• Activity
In the entries below, some lines contain "SOLO"; work out how many and answer with the figure only.

Stored entries
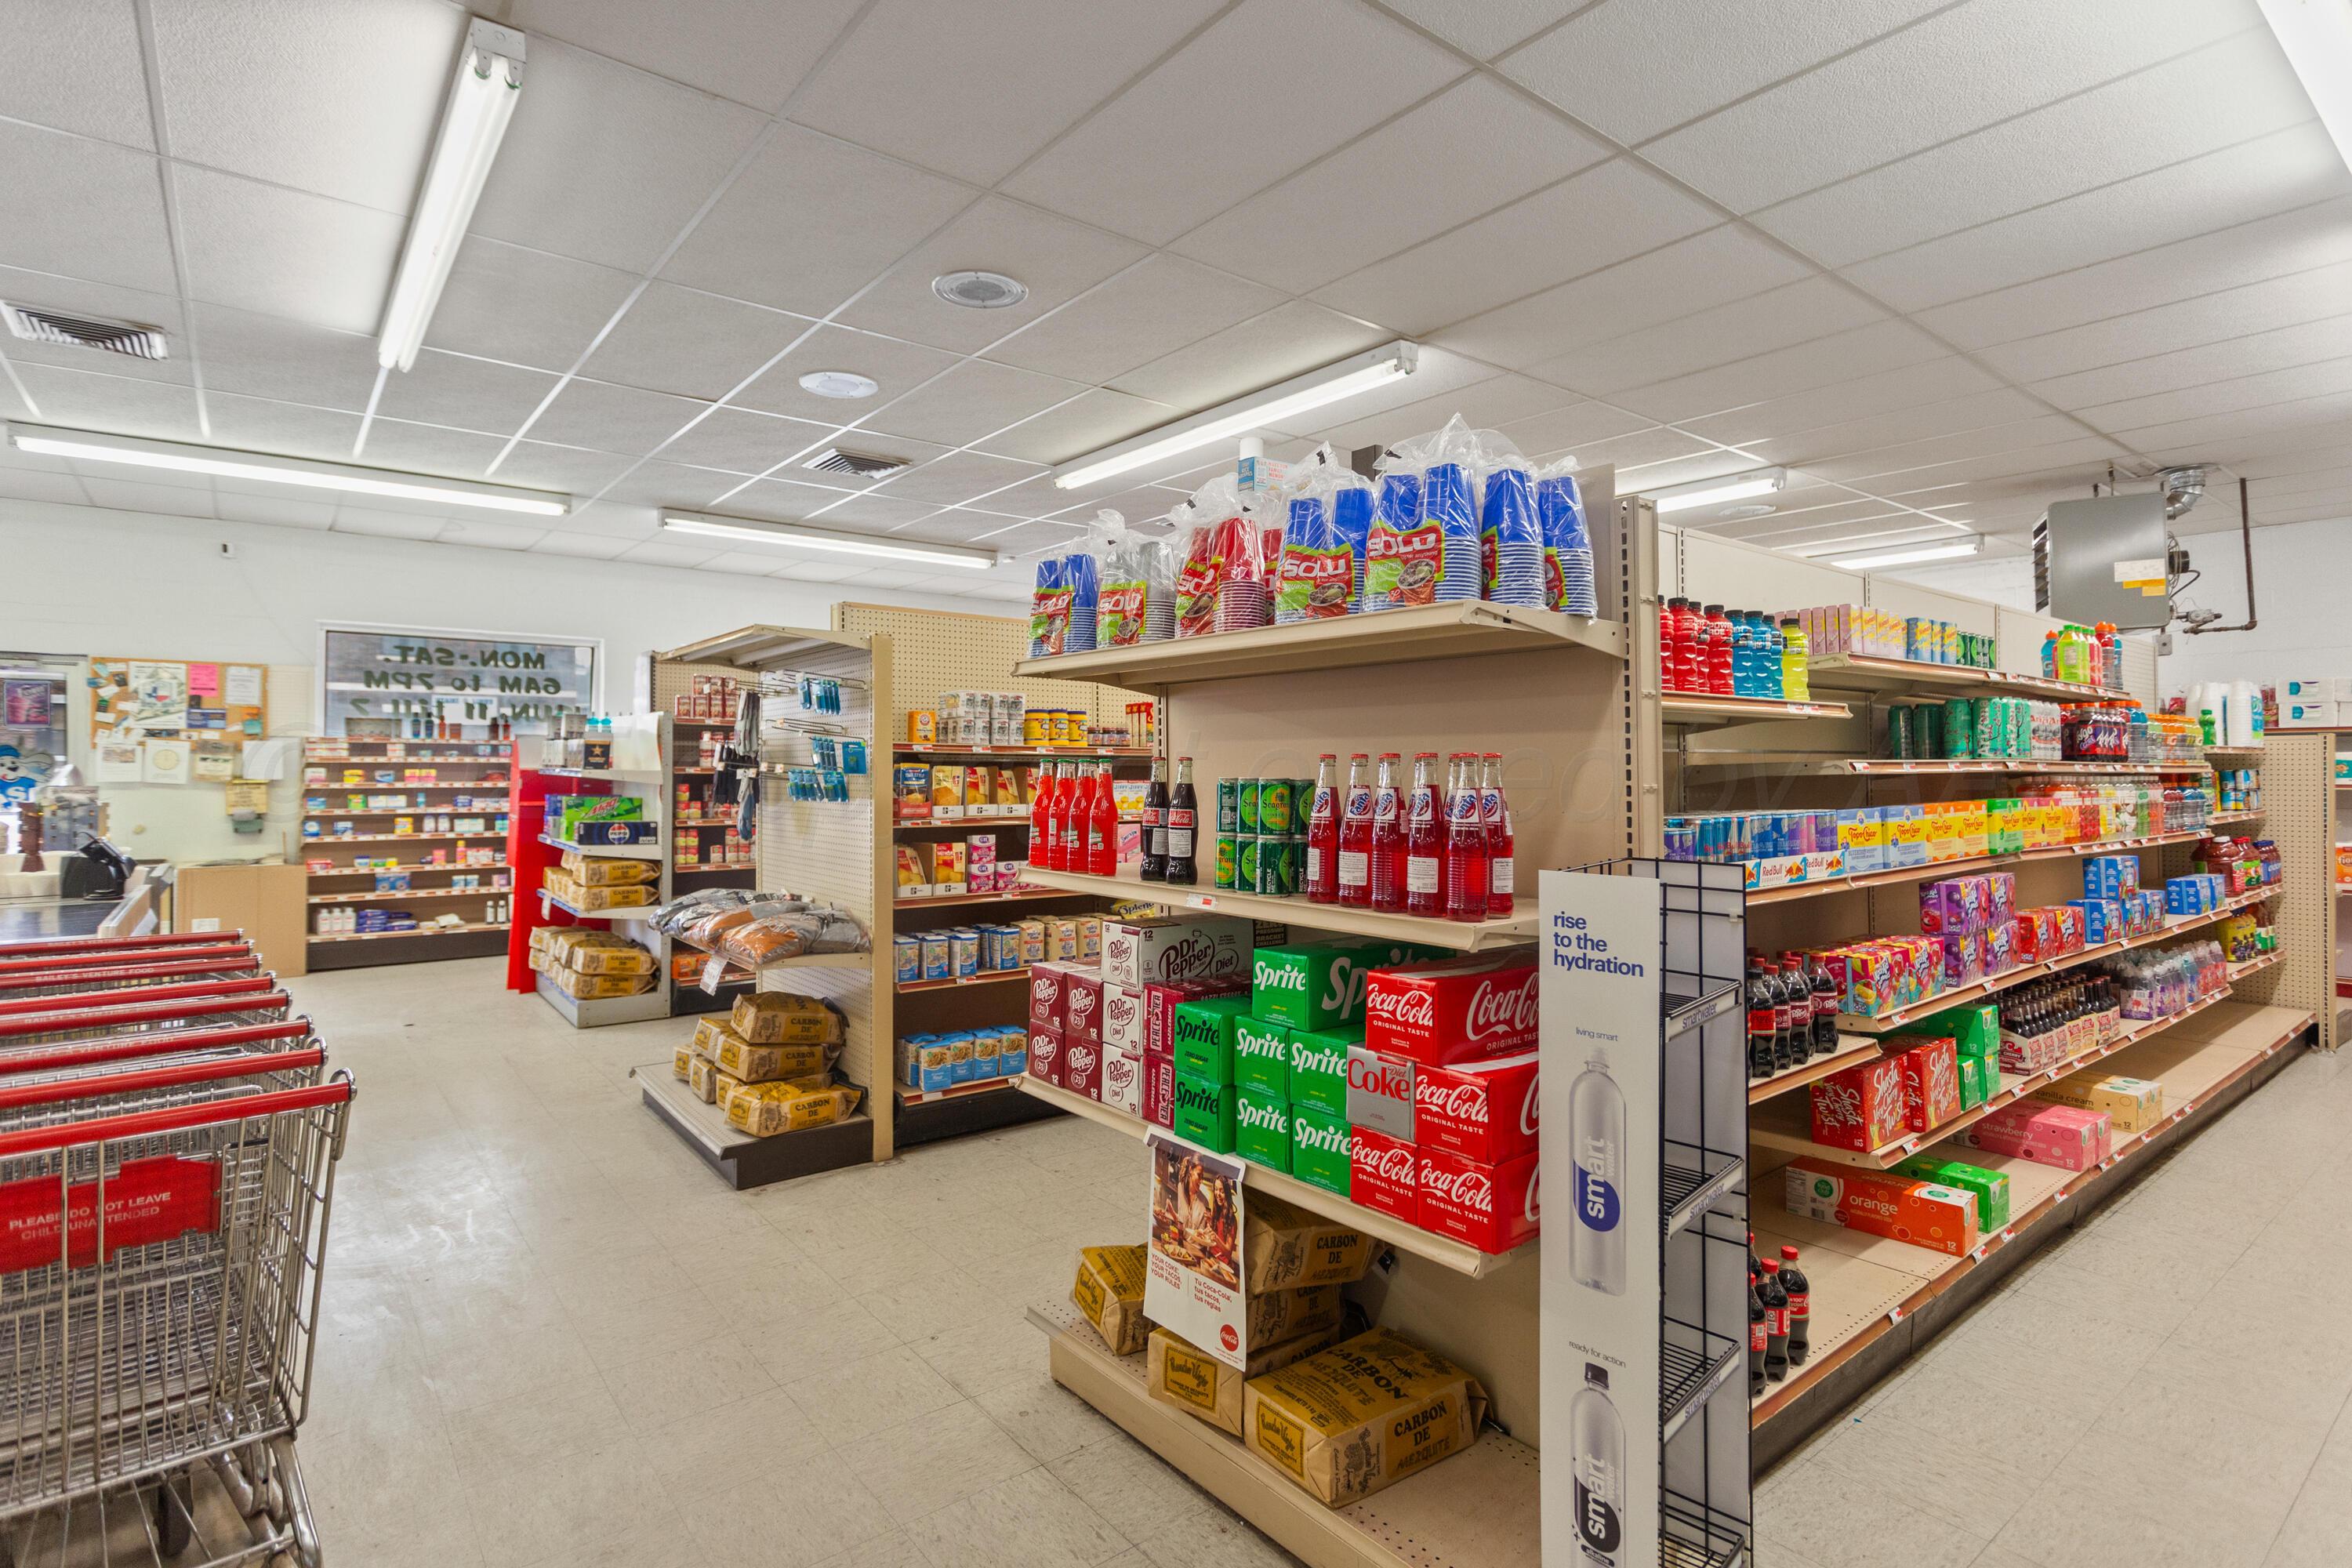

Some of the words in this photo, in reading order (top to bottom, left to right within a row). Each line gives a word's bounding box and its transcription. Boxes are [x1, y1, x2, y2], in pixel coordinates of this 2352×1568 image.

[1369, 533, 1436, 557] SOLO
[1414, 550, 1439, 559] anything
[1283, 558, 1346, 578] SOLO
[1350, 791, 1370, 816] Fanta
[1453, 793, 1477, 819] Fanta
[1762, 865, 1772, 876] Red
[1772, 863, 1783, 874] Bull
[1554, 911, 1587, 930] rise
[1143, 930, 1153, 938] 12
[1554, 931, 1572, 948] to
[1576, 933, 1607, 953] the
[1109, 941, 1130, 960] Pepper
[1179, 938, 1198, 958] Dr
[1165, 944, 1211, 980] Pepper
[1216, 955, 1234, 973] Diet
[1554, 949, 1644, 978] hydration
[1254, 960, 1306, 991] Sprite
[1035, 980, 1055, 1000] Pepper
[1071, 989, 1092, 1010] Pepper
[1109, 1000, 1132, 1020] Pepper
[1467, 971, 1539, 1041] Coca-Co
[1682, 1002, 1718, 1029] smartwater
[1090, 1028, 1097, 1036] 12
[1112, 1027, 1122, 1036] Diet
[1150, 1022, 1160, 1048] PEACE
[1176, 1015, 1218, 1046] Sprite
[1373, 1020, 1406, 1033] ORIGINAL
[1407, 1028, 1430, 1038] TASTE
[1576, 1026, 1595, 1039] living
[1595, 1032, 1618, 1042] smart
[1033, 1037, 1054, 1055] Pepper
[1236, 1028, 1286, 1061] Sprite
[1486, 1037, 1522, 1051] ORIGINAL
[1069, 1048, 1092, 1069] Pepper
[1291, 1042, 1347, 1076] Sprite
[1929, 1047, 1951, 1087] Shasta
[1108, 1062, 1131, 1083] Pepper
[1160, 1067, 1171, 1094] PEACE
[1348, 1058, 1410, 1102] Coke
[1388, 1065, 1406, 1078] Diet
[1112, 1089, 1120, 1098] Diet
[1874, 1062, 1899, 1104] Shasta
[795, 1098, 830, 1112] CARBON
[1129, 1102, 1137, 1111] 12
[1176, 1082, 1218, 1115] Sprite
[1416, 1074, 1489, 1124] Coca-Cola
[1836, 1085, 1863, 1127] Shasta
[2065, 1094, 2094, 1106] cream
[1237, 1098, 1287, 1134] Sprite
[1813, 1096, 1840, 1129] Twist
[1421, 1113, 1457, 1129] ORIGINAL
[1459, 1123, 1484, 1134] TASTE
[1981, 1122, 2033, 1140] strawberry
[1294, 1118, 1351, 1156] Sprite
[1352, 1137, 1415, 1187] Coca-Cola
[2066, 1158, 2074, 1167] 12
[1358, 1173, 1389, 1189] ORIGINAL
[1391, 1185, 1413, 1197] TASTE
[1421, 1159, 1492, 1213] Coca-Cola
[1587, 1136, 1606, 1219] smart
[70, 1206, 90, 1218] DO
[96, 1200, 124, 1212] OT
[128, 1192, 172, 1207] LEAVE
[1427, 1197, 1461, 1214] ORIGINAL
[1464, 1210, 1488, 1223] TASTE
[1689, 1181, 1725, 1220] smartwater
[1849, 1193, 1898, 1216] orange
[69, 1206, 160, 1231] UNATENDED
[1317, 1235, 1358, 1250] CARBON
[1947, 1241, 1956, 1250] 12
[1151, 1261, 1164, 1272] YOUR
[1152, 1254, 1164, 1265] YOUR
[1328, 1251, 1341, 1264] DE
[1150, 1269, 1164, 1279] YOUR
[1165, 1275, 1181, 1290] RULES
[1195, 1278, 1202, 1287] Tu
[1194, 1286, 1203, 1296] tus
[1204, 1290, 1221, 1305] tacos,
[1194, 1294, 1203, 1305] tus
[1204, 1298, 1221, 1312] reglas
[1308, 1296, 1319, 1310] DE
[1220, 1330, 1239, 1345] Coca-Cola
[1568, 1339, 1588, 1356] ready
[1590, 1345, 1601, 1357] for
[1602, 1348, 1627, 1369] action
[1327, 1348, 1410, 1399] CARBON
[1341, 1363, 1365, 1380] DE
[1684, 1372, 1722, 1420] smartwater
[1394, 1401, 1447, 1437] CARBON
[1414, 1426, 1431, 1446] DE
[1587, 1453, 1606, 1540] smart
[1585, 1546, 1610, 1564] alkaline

• Your response
2